Nor is Bulgaria likely to lead a particularly cohesive bloc as EU Council president. The Eastern European populists may be united in their opposition to migrants, but in other respects their positions vary. Bulgaria and Romania are eager to support the EU so as to not be excluded from new structures, while Poland and Hungary have taken to Brussels-bashing, all the while quietly pocketing EU subsidies. In any case, despite a legal victory at the European Court of Justice (ECJ), the Commission has backed down from its scheme for mandatory resettlement of 120,000 refugees across the EU. The biggest bone of contention between Brussels and the Eastern European populists has thus been removed.

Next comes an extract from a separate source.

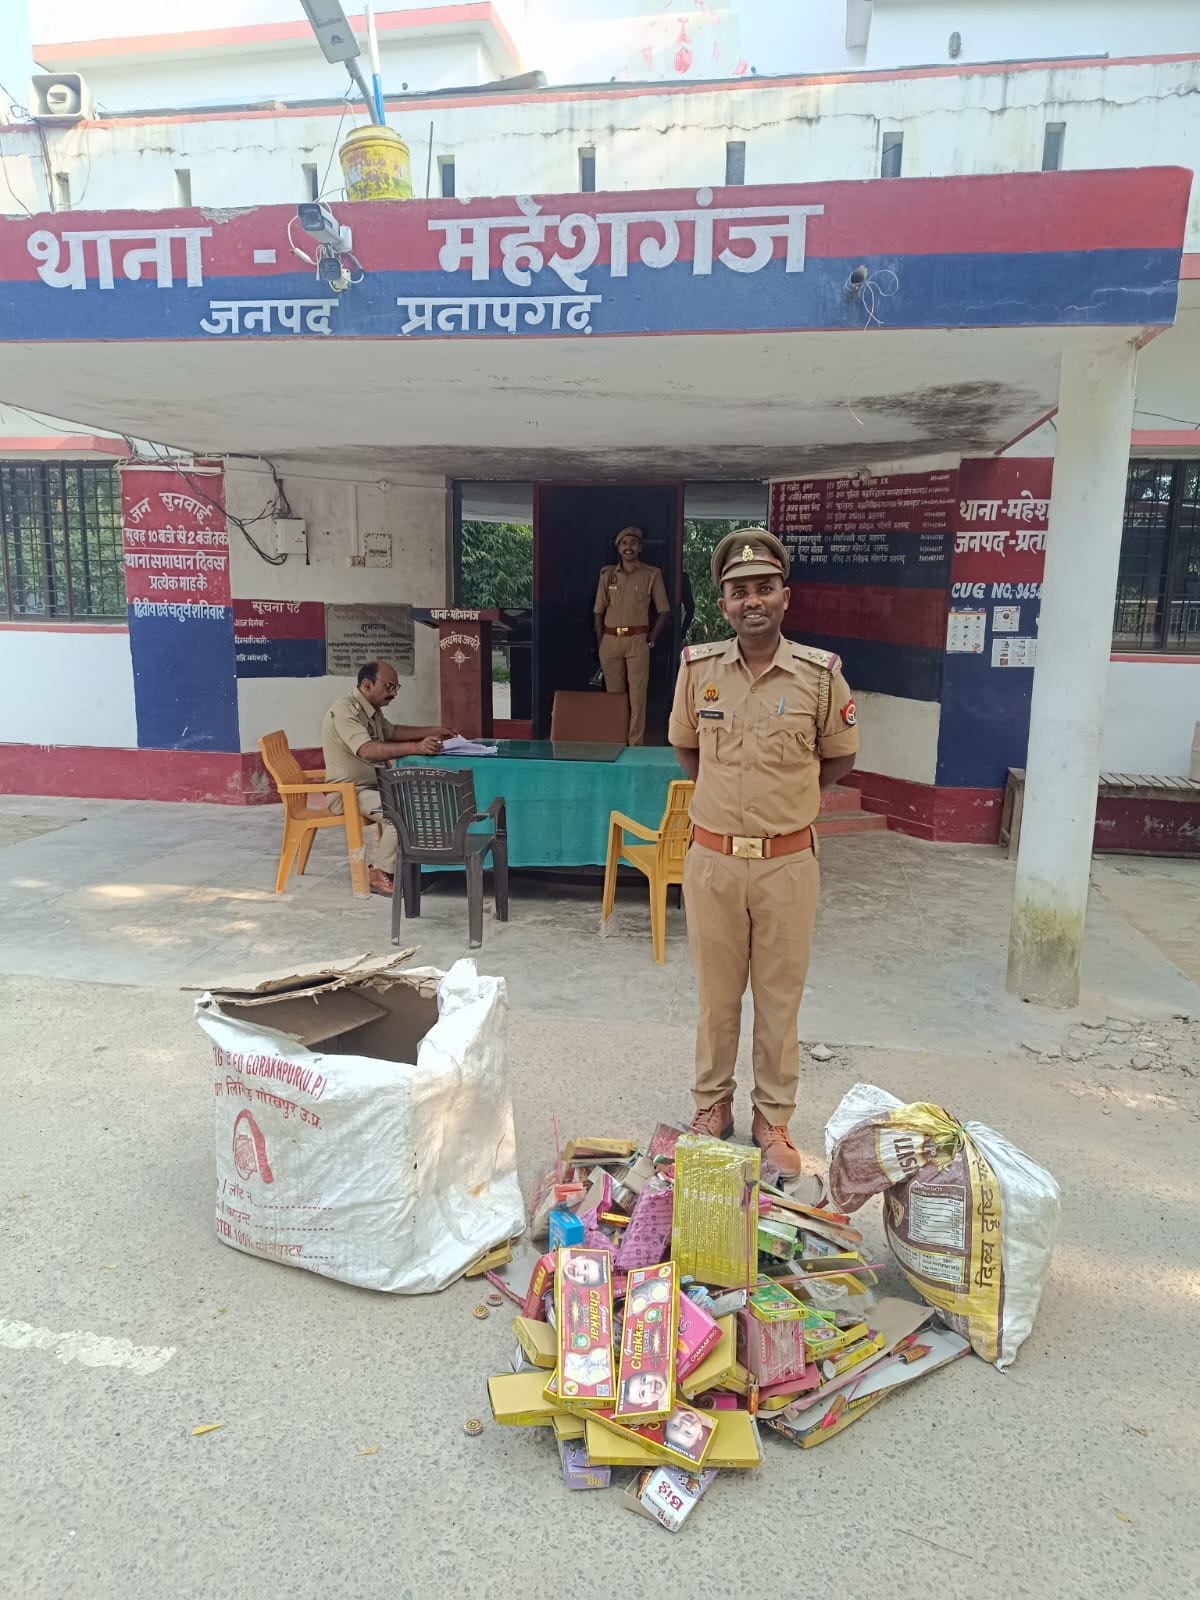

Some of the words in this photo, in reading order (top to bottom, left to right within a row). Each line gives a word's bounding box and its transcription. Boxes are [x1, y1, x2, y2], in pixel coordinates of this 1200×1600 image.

The populists are also divided on Russia, with Poland being markedly anti-Russian, while the rest are generally open to closer ties with Moscow. Bulgaria’s new government and Council presidency will thus put more pressure over the EU’s current economic sanctions against Russia.
Advocating further integration
Bulgaria is likely to support the further integration of the Western Balkans with the EU, including eventual membership, as a way of increasing stability. Neighboring Macedonia, a country with close cultural-linguistic ties, may even start negotiations to join the bloc next year. For the most part, however, non-EU countries’ development in the region has been rather grim. In Serbia, more people oppose than support the prospect of EU membership. In Bosnia, Western nation-building efforts have in over two decades still failed to overcome corruption, economic underdevelopment and massive ethnic divisions.
Bulgaria is perhaps symptomatic of another Western trend of recent years: stagnation and decline. Despite economic growth, the country has failed to improve in most Sustainable Governance Indicators (SGI). Since 2014, there has been some improvement in labor market flexibility and jobs while educational, health, environmental, and many other policy areas have seen little or no improvement. The Bulgarian population has been collapsing at a massive rate: from almost 9 million people in 1988 to just 7.1 million today. As the upcoming country report of Bertelsmann Transformation Index (BTI) 2018 notes: “Bulgaria has addressed some of the other strategic issues but does not seem to have any viable strategy for handling the demographic challenge.” The population is projected to shrink to a mere 5.5 million by 2060.
Following Western trends
The Bulgarian political scene has in contrast become increasingly lively. As in other countries, the two-party system has grown increasingly fragmented, with old movements fading away and new ones emerging at great speed. A referendum almost passed this year which would have made massive changes in the Bulgarian political system, including a virtual elimination of party subsidies and a majoritarian electoral system.
Bulgarian trends are thus quite representative of Western civilization as a whole: economic recovery, demographic stagnation and decline, political instability in the face of new democratic politics. The rise of populism, however, does not necessarily pose an existential threat to the EU: the new Bulgarian government seems to reflect a novel trend in European politics – being both moderately nationalist and EU-compatible.